Nous sommes une génération sacrifiée. Le vernis noir des souliers neufs du ministre des Finances était un signe: les prochaines années seront sombres pour les étudiants. À partir de 2012, nous paierons 325 $ de plus par année, pendant cinq ans. Une hausse de 75%. C’est à nous d’être saignés pour les études bon marché de ceux avant nous. On nous impose un don de soi. Et les mots bien séants de «responsabilisation des étudiants» jaillissent des communiqués des politiciens comme de la bouche d’un grand-père sage et bienveillant. Mais dans les faits, nous faisons les frais de 20 années de leaders politiques pusillanimes en matière d’éducation.
Sur l’autel sacrificiel, Jean Charest, Raymond Bachand et Line Beauchamp ne sont pas seuls à tenir la hache du bourreau. Il faut remonter, au minimum, jusqu’en 1989 pour comprendre le gâchis d’aujourd’hui. Car il semblerait que ni eux ni nous n’ayons appris des erreurs du passé.
La première augmentation des frais de scolarité universitaires a lieu en 1989. Le gouvernement libéral de Robert Bourassa les hausse alors de 200% en quatre ans.
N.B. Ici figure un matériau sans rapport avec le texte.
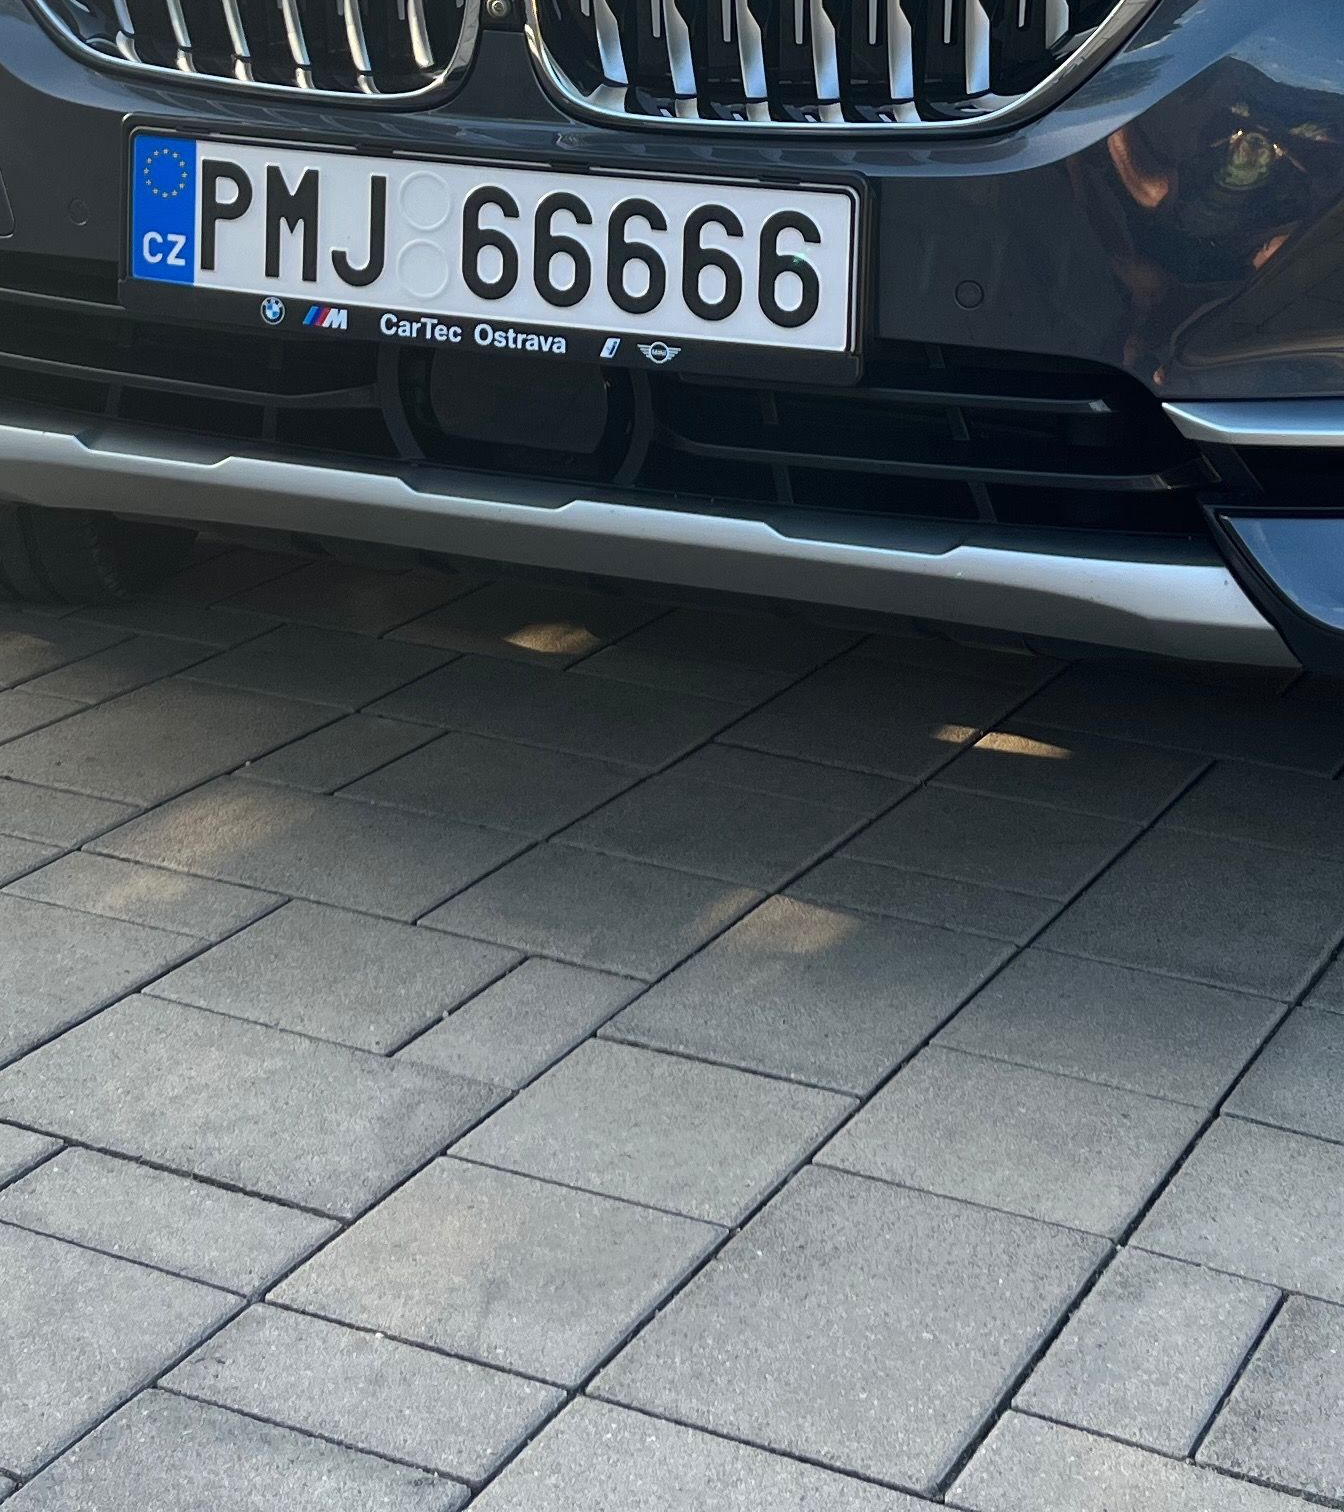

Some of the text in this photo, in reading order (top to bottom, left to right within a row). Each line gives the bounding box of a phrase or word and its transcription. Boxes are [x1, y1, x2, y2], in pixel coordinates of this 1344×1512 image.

[142, 231, 187, 266] CZ
[200, 158, 822, 329] PMJ 66666
[379, 313, 567, 354] CarTec Ostrava
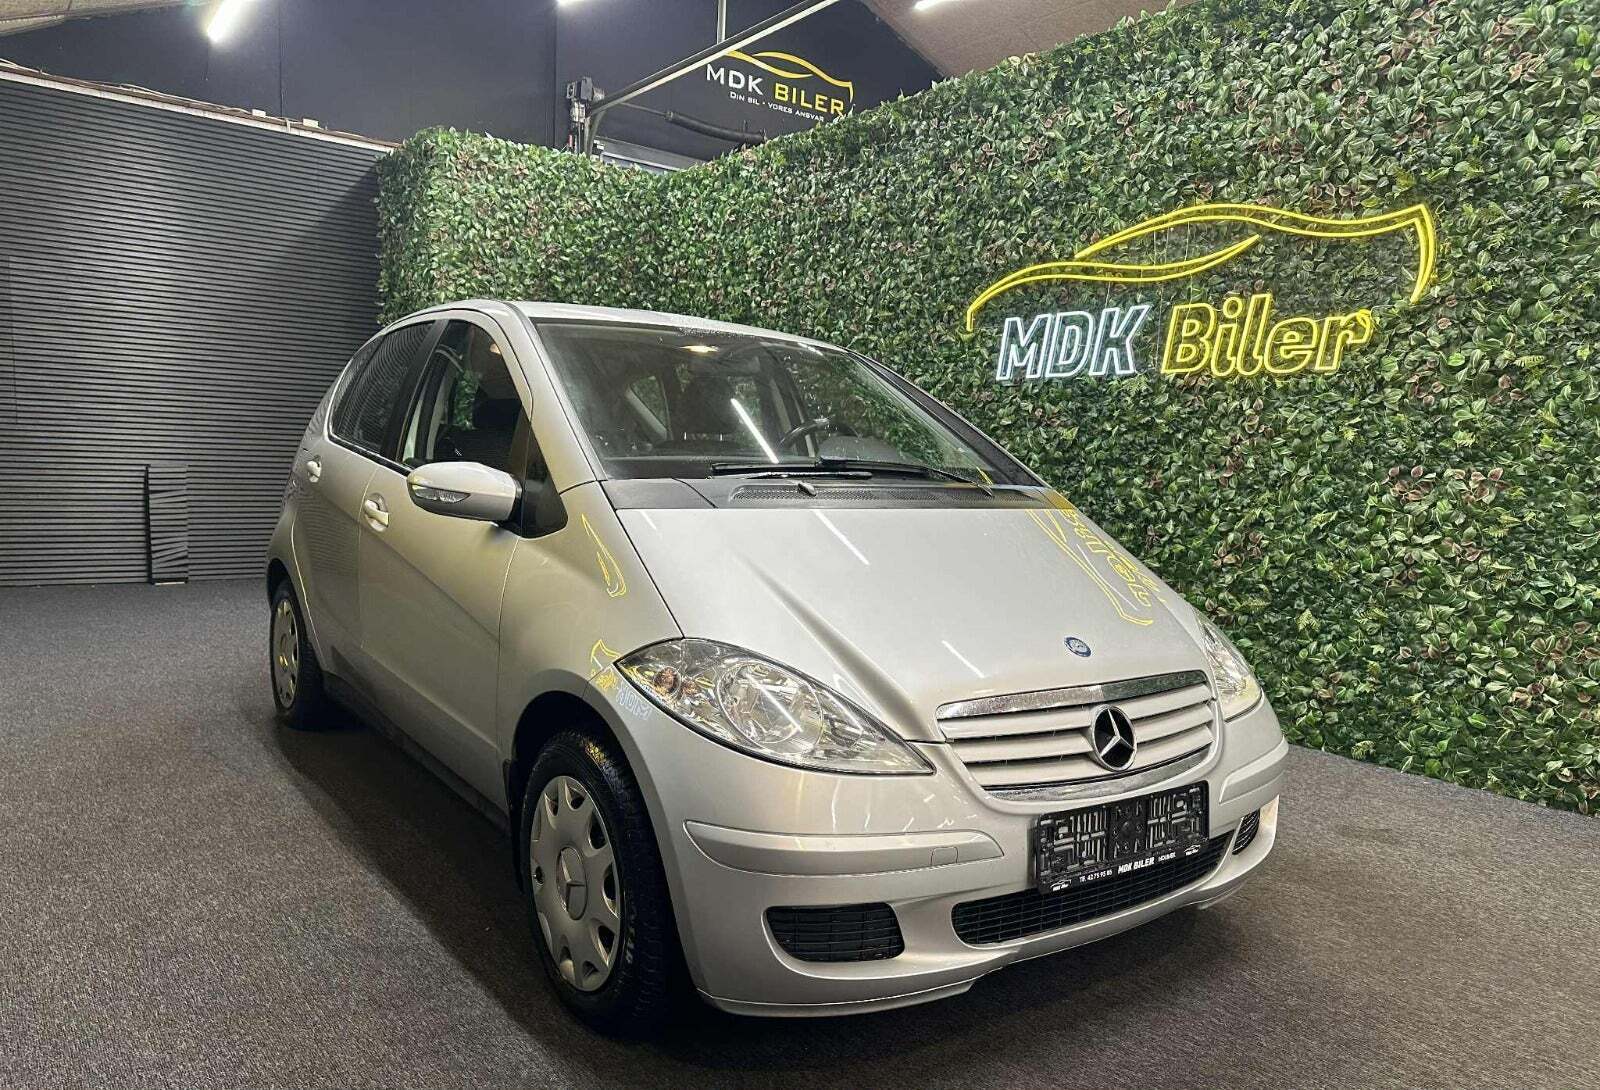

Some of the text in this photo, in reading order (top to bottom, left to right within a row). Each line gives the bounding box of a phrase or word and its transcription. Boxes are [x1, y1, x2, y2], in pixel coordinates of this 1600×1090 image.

[706, 63, 846, 119] MDK BILER
[747, 96, 760, 106] BIL
[767, 102, 793, 115] VORES
[794, 110, 825, 123] ANSVAR
[995, 292, 1374, 382] MDK Biler
[1117, 861, 1133, 875] MDK
[1133, 856, 1155, 870] BILER
L’étudiant qui prévoyait payer son baccalauréat 1500 $ en déboursera finalement plus de 4 500 $ en 1993.
La mesure, aussi radicale soit-elle, ne résout que partiellement le problème. Les frais de scolarité n’ont pas augmenté depuis 1968 alors que le coût de la vie, lui, n’a cessé de grimper. Le décalage crée une pression de plus en plus grande sur les finances du gouvernement, d’autant plus que le nombre d’universitaires croît d’année en année. Même en triplant les frais, Bourassa ne réussit pas à rattraper l’inflation accumulée. Pour atteindre cet objectif, il lui aurait fallu les augmenter de 1 000 $ supplémentaires…
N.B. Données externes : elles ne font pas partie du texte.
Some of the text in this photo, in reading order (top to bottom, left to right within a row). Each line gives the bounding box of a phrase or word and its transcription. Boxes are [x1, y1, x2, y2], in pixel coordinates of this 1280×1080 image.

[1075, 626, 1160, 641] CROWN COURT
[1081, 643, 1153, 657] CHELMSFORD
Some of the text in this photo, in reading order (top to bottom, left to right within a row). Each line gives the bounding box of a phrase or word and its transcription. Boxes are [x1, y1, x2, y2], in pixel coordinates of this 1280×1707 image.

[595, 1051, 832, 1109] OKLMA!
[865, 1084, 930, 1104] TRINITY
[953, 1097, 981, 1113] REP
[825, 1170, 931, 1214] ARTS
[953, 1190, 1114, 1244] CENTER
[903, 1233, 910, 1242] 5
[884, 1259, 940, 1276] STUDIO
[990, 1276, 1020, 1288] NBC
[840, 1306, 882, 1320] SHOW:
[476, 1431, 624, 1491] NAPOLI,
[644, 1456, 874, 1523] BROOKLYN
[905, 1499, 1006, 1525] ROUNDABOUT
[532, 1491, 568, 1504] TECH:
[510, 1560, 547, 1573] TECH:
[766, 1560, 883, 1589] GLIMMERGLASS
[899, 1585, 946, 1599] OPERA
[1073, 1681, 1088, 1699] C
Inévitablement, la grogne de la population trouve un écho chez l’opposition. Le Parti québécois ouvre ses voiles au vent de contestation qui balaie la province. La hausse était prévue jusqu’en 1993 ; un an plus tard, Jacques Parizeau devient premier ministre et change radicalement de cap. Le gel reprend au nom de l’accessibilité aux études. Après une première génération sacrifiée en 1989, retour à la case départ. Aucune solution à long terme n’est prise. L’écart entre le coût de la vie et les frais de scolarité se creuse à nouveau, petit à petit. Le système n’a pas changé. Un sparadrap est posé pour soigner une hémorragie.
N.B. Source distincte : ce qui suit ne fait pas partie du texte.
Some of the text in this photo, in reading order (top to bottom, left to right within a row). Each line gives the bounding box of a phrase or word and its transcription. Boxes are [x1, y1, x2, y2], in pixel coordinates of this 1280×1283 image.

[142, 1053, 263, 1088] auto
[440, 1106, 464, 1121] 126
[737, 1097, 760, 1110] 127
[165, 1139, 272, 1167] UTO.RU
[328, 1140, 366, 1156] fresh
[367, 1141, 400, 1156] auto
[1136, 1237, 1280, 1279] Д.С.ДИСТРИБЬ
Au tour de Lucien Bouchard d’arriver en 1996. À ses yeux, la situation n’est pas viable. Tôt ou tard, les budgets du gouvernement et des universités ne pourront plus supporter un tel statu quo et les déficits se creuseront. Le nouveau capitaine tente de faire fondre le gel de son prédécesseur. Mais le navire prend feu. Une mutinerie étudiante a lieu dans le milieu universitaire. Bouchard se ravisera pour éviter d’être jeté aux requins. Il laisse une bombe à retardement dans les oubliettes du ministère de l’Éducation, et personne n’ose la désamorcer.
Le jeu de chaises musicales se poursuit. Le Salon bleu prend des teintes rouges en 2003. Jean Charest, nouveau premier ministre, promet d’arrêter le gel. En 2007, un premier geste concret va en ce sens. Pendant cinq ans, les étudiants paieront 100 $ de plus par année. La contestation s’élève, mais rien pour faire reculer le gouvernement. Après plusieurs scandales, dont celui du fiasco immobilier de l’îlot Voyageur de l’UQAM, les déficits tant redoutés explosent au grand jour: la très grande majorité des universités du Québec cumulent des déficits de dizaines à plusieurs centaines de millions de dollars. Les fantômes de 1989 reviennent alors hanter les couloirs du ministère de l’Éducation.
Et nous voici à aujourd’hui: une hausse brusque à partir de 2012.
Je prends les paris. Aux prochaines élections, les partis d’opposition courtiseront la deuxième génération universitaire sacrifiée du Québec. Ils promettront un gel des frais de scolarité. Et ce sera un énième retour à la case départ.
Mais j’espère me tromper. Un politicien, quelque part, aura sans doute le courage et l’intelligence de sortir de ce jeu politique idiot, où un camp appuie sur l’accélérateur quand l’autre utilise le frein à main.
Quelle est la vision à long terme du Québec en matière d’éducation? Aucune. Si les Québécois veulent conserver les frais de scolarité les plus bas au pays, que les politiciens déterminent aujourd’hui la contribution de l’État pour garder cet avantage unique pour les 10 ou 20 ans à venir, avec un seuil maximum précis sous la moyenne nationale. Mais si nous fermons encore fois les yeux sur l’indexation à l’inflation, alors le Québec enfantera à nouveau d’une génération sacrifiée, inévitablement.